Wednesday, February 28, 2024

Tui revenues show post-pandemic travel still strong as it prepares for delisting vote

Must read

Unlock the Editor’s Digest for free

Tui reported strong revenues for the last three months of 2023 in a sign that the post-pandemic travel boom was retaining its momentum, ahead of a vote at Europe’s largest tour operator over delisting from London.

The Anglo-German travel group — which is listed in both London and Frankfurt — said on Tuesday that it increased sales to €4.3bn in the three months to December, up 15 per cent year on year despite cost of living pressures hurting consumers. It reported underlying earnings before interest and tax of €6mn in the quarter.

Tui attributed its growth to “more customers and higher prices” as demand for travel remained strong over the winter season while the group’s average prices rose 4 per cent above the previous year’s level. “We are on track, we are gaining customers and we are growing,” said chief executive Sebastian Ebel. “People’s high willingness to travel ensures strong economic development in all areas [of the company].”

Tui shareholders will later on Tuesday vote on a proposal to delist from London and stay in Frankfurt, dealing another blow to the capital’s struggling stock market. The resolution requires the support of 75 per cent of shareholders to pass.

If it proceeds with the move, Tui would join a growing list of companies that have recently opted to ditch their London listings in favour of rival exchanges, citing a significant decrease in liquidity on the UK equity market as well as the potential for higher valuations abroad. 

In a separate statement this year, the group said that “terminating the listing in London would offer clear advantages for investors and the company”.

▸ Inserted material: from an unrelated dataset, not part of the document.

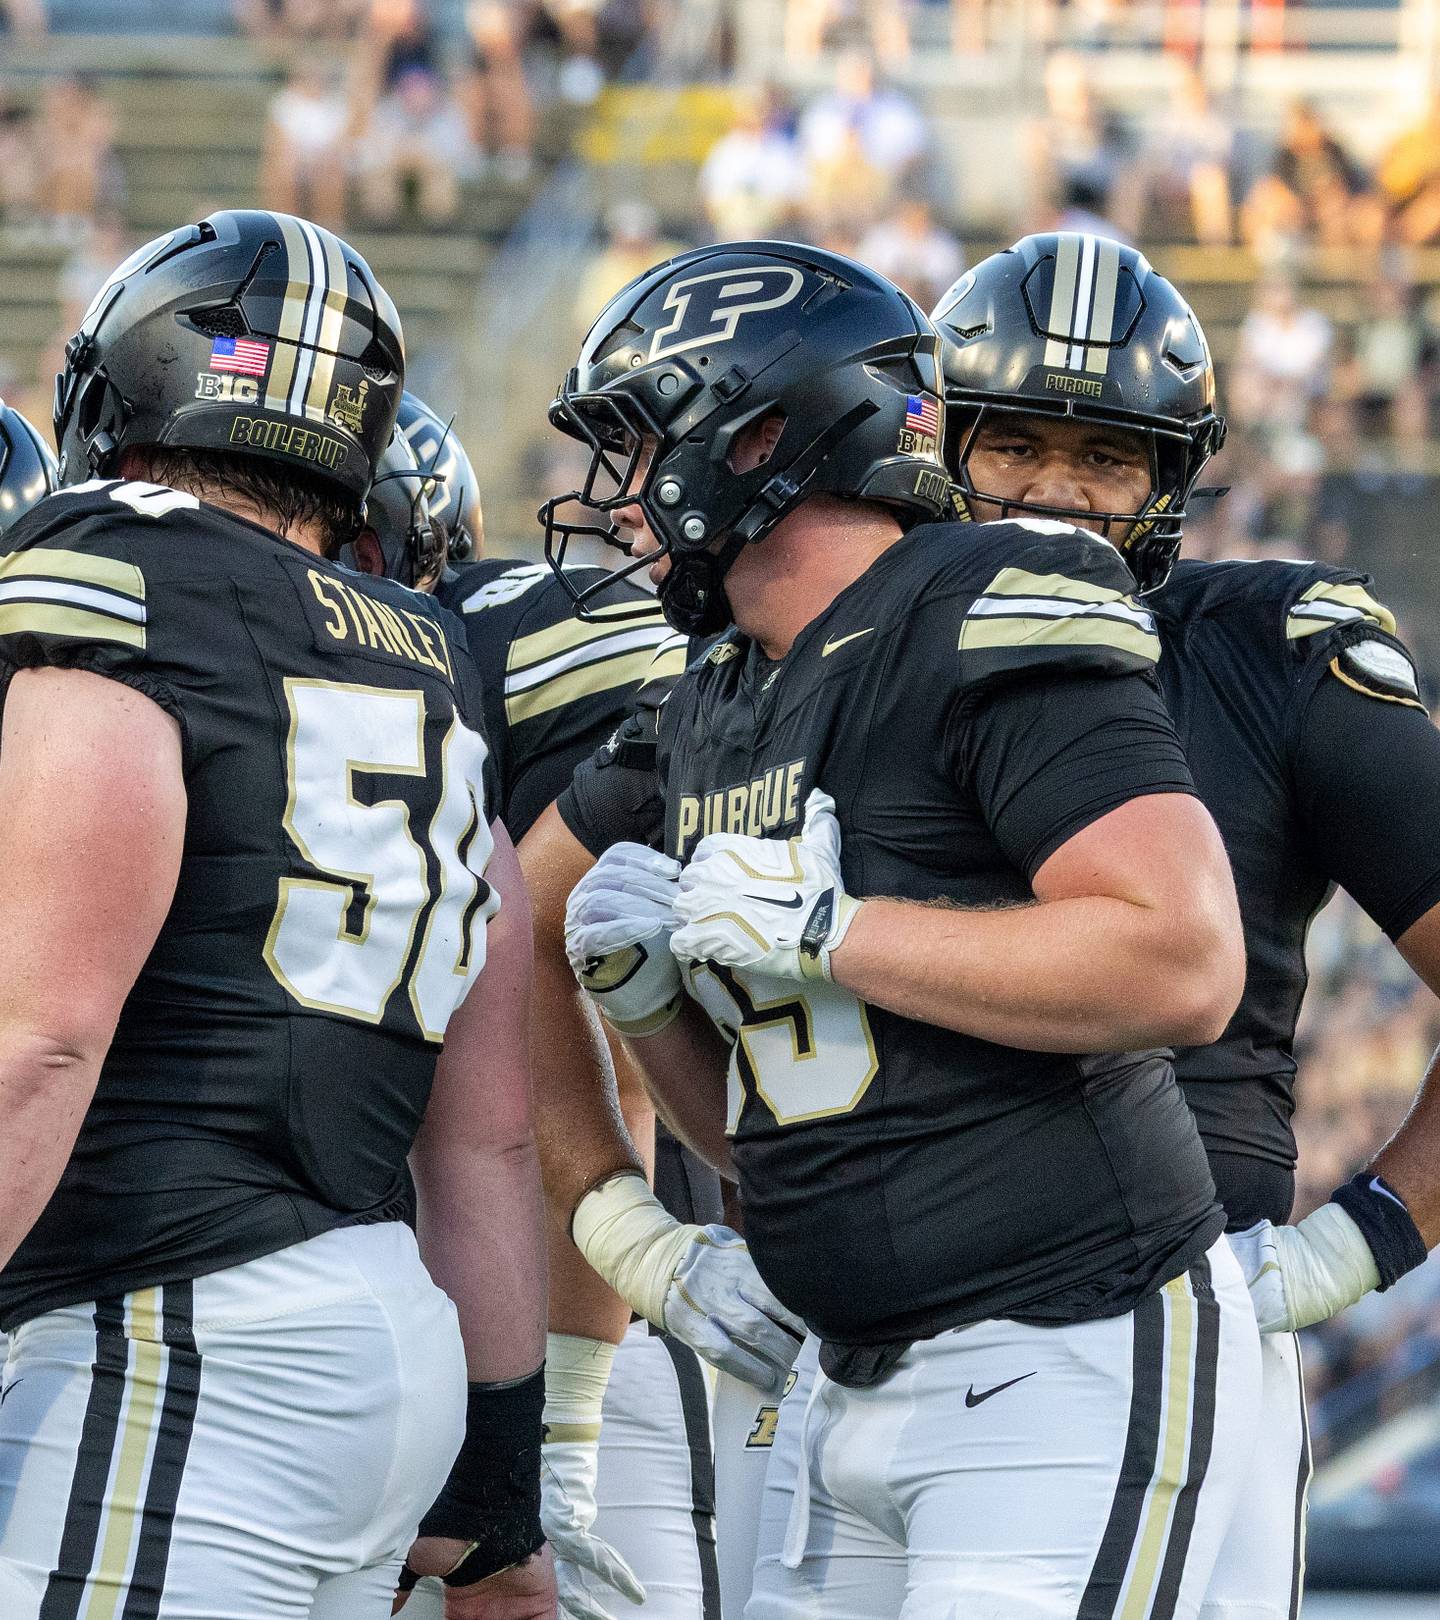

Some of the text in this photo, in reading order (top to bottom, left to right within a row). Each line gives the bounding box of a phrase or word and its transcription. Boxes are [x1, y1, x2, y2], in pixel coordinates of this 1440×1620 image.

UK pollster YouGov and gambling group Flutter are among other companies currently considering cancelling their London listings.

The results announcement sent Tui’s shares up almost 5 per cent on Tuesday, although their price remains about 30 per cent lower than it was one year ago. 

The group’s share price performance has been damped down by broader “macro concerns”, said Ivor Jones, analyst at Peel Hunt, noting that conflicts in Ukraine and Gaza were casting a shadow over the post-pandemic recovery of the travel sector. “There is concern about what the conflict in the Middle East means for the price of oil, which is very significant for Tui’s airline fleet,” said Jones.

Tui reiterated its full-year guidance for a rise in revenues of 10 per cent and an increase of 25 per cent in underlying earnings before interest and tax.